Выбрать главу

— Эта новость первостепенной важности, — отметил Ильич. — Теперь мы вновь можем требовать всей власти Советам.

Два дня, которые провела Надежда Константиновна в Гельсингфорсе, пролетели незаметно. Дела требовали возвращения в Питер. Владимир Ильич надавал ей столько поручений, что она не знала, сумеет ли выполнить их.

Прощаясь, он взял с нее слово, что недельки через две она опять приедет.

Ильич собрался проводить Надежду Константиновну до вокзала, но она воспротивилась:

— К чему? Нарушишь только конспирацию.

Но Владимир Ильич все же дошел с нею до углового дома улицы, а там они расстались как незнакомые.

Вторично собравшись к Ильичу, Надежда Константиновна решила не заезжать к Емельяновым. Зачем отрывать людей от повседневных дел? Ведь нелегко сейчас прокормить семерых ребят.

Она хорошо запомнила путь, по которому они шли первый раз. Перейдя без препятствий границу, лесом направилась к станции.

В смешанном лесу осень ощущалась острей: все березы уже позолотило, а сосны шелестели листвой, словно объятые бездымным пламенем. Рдела рябина, и чернели ягоды шикши и вороньего глаза. От палого листа земля пестрела.

Боясь сбиться с тропы, Надежда Константиновна вышла на открытое место и пошла вдоль желтевших дюн. Здесь пахло морскими водорослями. Ноги утопали в песке.
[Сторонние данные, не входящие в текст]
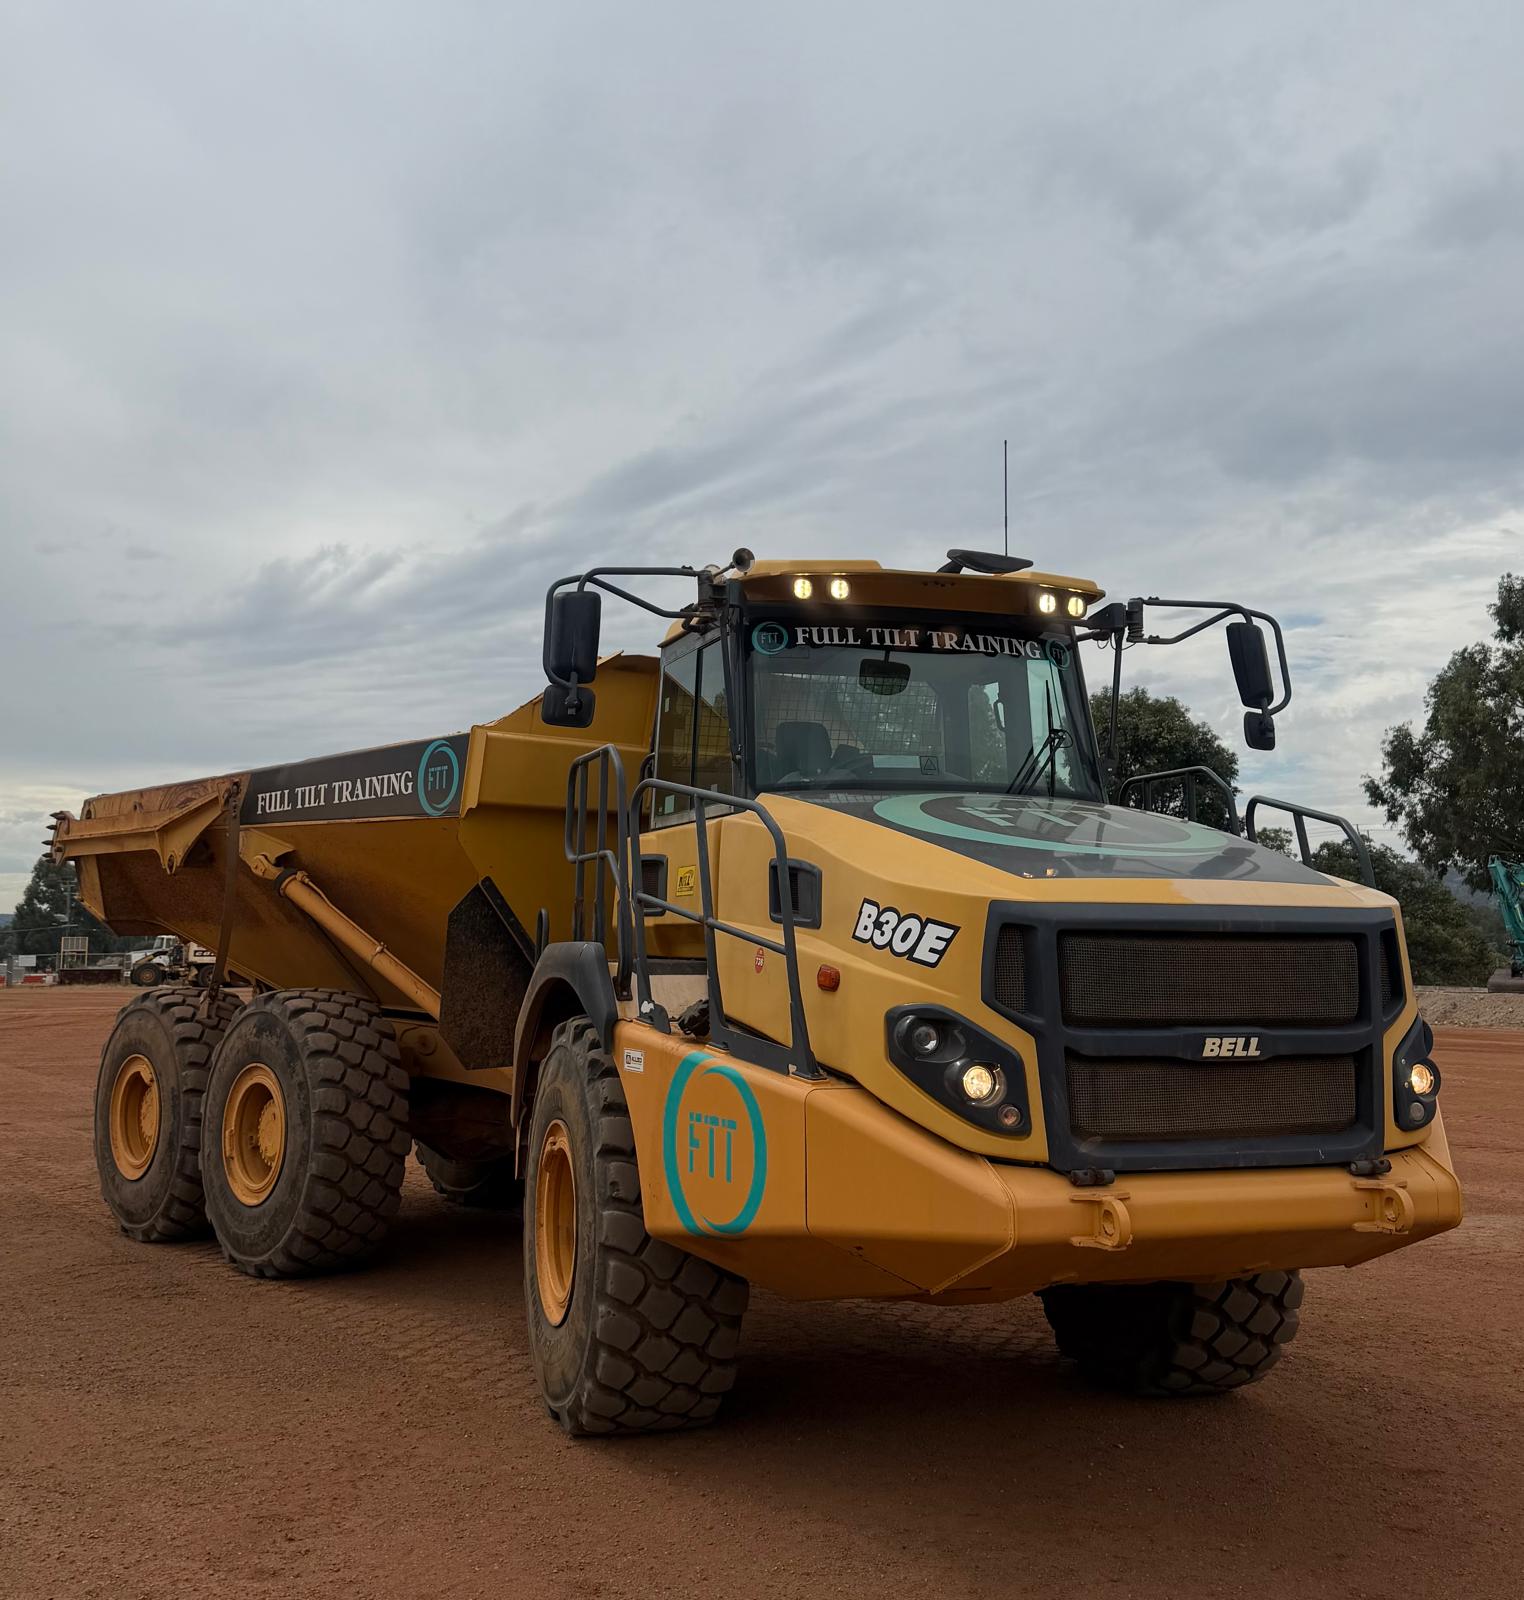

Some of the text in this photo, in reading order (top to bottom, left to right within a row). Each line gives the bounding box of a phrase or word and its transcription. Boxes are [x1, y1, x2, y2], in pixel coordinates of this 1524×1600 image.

[795, 627, 1041, 659] FULL TILT TRAINING
[257, 770, 414, 814] FULL TILT TRAINING
[428, 765, 448, 791] FTT
[852, 898, 960, 968] B30E
[1202, 1037, 1261, 1057] BELL
[688, 1111, 737, 1184] FTT
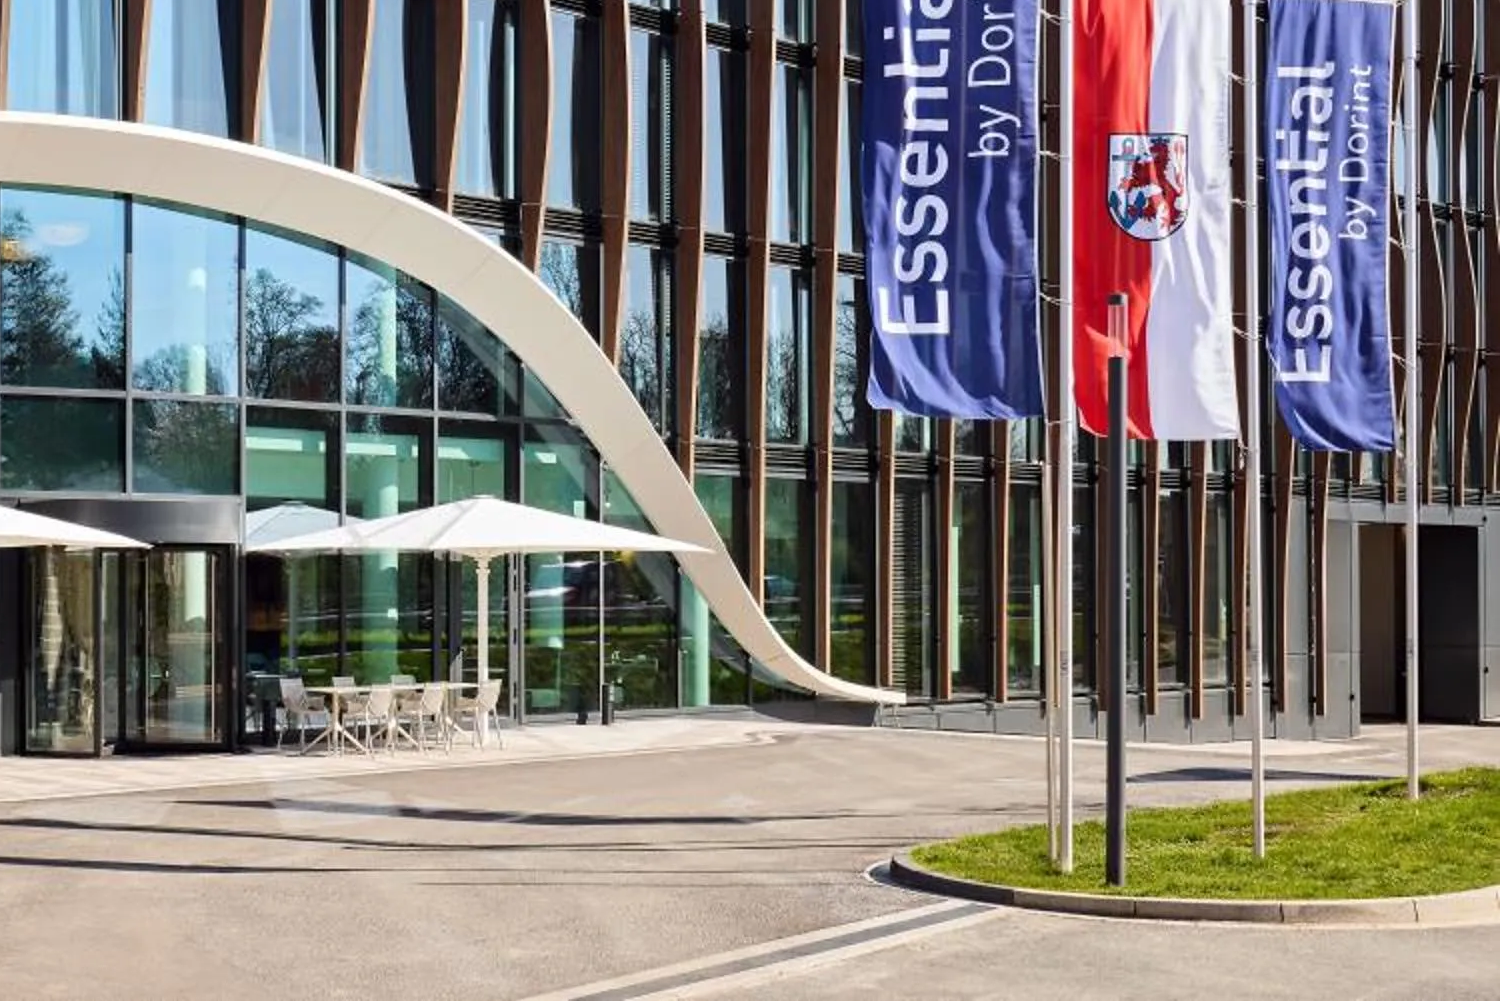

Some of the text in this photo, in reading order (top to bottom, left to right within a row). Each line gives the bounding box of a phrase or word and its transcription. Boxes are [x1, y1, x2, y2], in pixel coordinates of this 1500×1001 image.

[968, 104, 1022, 158] by
[1338, 64, 1377, 241] by Dorint
[1276, 60, 1335, 383] Essential
Темнота надвигалась быстрей, чем в прошлый раз. Боясь опоздать, Надежда Константиновна ускорила шаг. К станции она подошла запыхавшейся, с трудом переводила дыхание.
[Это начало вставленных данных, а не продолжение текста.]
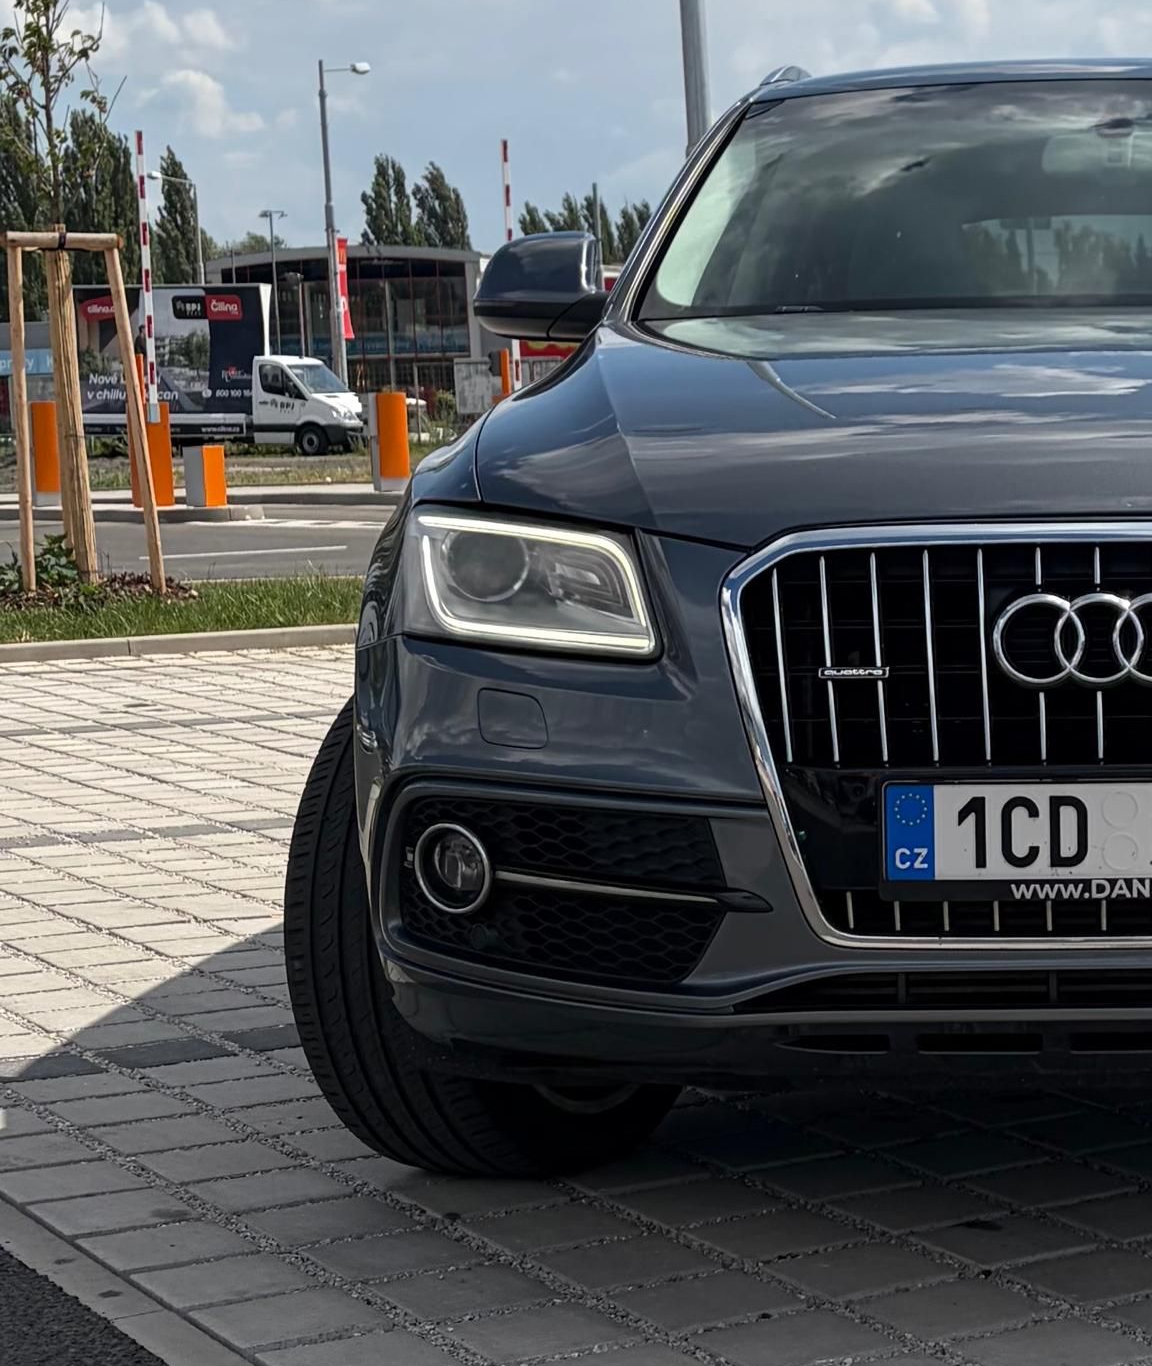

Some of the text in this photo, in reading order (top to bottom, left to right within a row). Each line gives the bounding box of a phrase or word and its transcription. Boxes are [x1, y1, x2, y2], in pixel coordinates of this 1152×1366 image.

[89, 372, 118, 385] Nové
[87, 390, 95, 400] v
[823, 668, 884, 677] quattro
[957, 795, 1089, 869] 1CD
[894, 847, 929, 869] CZ
На перроне собралось много солдат и матросов. Как только подошел поезд, они, толпясь, ринулись к вагонам. Надежда Константиновна чуть ли не последней пришла в вагон. Сидячих мест не оказалось, и ей пришлось стоять.

Как только поезд тронулся, в вагоне начались громкие разговоры. Казалось, едут не пассажиры, а любители митинговать. О чем только здесь не говорили солдаты и матросы. Всем был ненавистен Керенский, обещавший одно, а делавший другое.

— Махорки не стало. Пайку хлеба урезали. Овсом кормят. Сам бы попробовал воевать на пустое брюхо!

— А за что воевать? — спрашивал молодой солдат. — За то, что моего батьку и деда каратели избили? Не смей помещичью землю трогать! Жрать-то что будем? Коней в деревне не осталось…

— Не один Керенский шкодит. Всю шайку-лейку пора шугануть.

— И Корнилов еще себя покажет, — уверял рябоватый матрос. — Ему место в тюрьме, а он в гимназии живет, которую его же Текинский полк охраняет.

— Верно, — поддержал его другой матрос. — Он там себе новую армию соберет.

— Черного кобеля не отмоешь добела.

— Чего большевики ждут? Почему власти не берут? — кипятясь, спрашивал рыжеватый пехотинец. — Народ же за них!

— Говорят, погодить надо. Синтуация не назрела, — вставил бородач из ополчения.

— Какая такая «синтуация»?

— Да вроде чирья, что ли. Ждут, когда нарвет, потом стукнут по нему, чтоб лопнул.

— Дождутся, что самих за глотку схватят и на холку сядут. Тут зевать нельзя…

От шума и духоты, запаха стеариновых свечей, горевших в фонарях, и махорочного дыма у Надежды Константиновны закружилась голова. Сердце стало биться учащенно, как во время приступов «базедки», но никто из спорщиков не заметил, что «деревенской тетке» стало дурно, и не предложил ей места.

Она с трудом выбралась в тамбур и там, глотнув свежего воздуха, уткнулась лбом в холодную стенку и приказала себе: «Не распускаться».

Какой-то щеголеватый военный, с подстриженными усиками, заглянул в вагон, но, услышав, о чем говорят солдаты, тотчас же вернулся в тамбур и на остановке исчез.

А шумный разговор в вагоне продолжался, он окончился только в Гельсингфорсе, потому что нужно было выходить.

Отдохнув на вокзальной скамейке, Надежда Константиновна с трудом доплелась до дома Блумквистов. Увидев в прихожей Ильича, она пожаловалась:

— Я вся пропахла махоркой. Зверски устала… хочу только спать…

Но она все же рассказала, о чем говорили солдаты и матросы в вагоне.

Весь следующий день задумчивость не сходила с лица Ленина. Он уже не удерживал Надежду Константиновну в Финляндии, а просил скорей подыскать в Питере конспиративную квартиру. Ленин стремился туда, где должно было начаться главное.

Прощаясь, Владимир Ильич сказал:

— Больше в Гельсингфорс не приезжай. На днях перебираюсь в Выборг, хочу быть ближе к Питеру.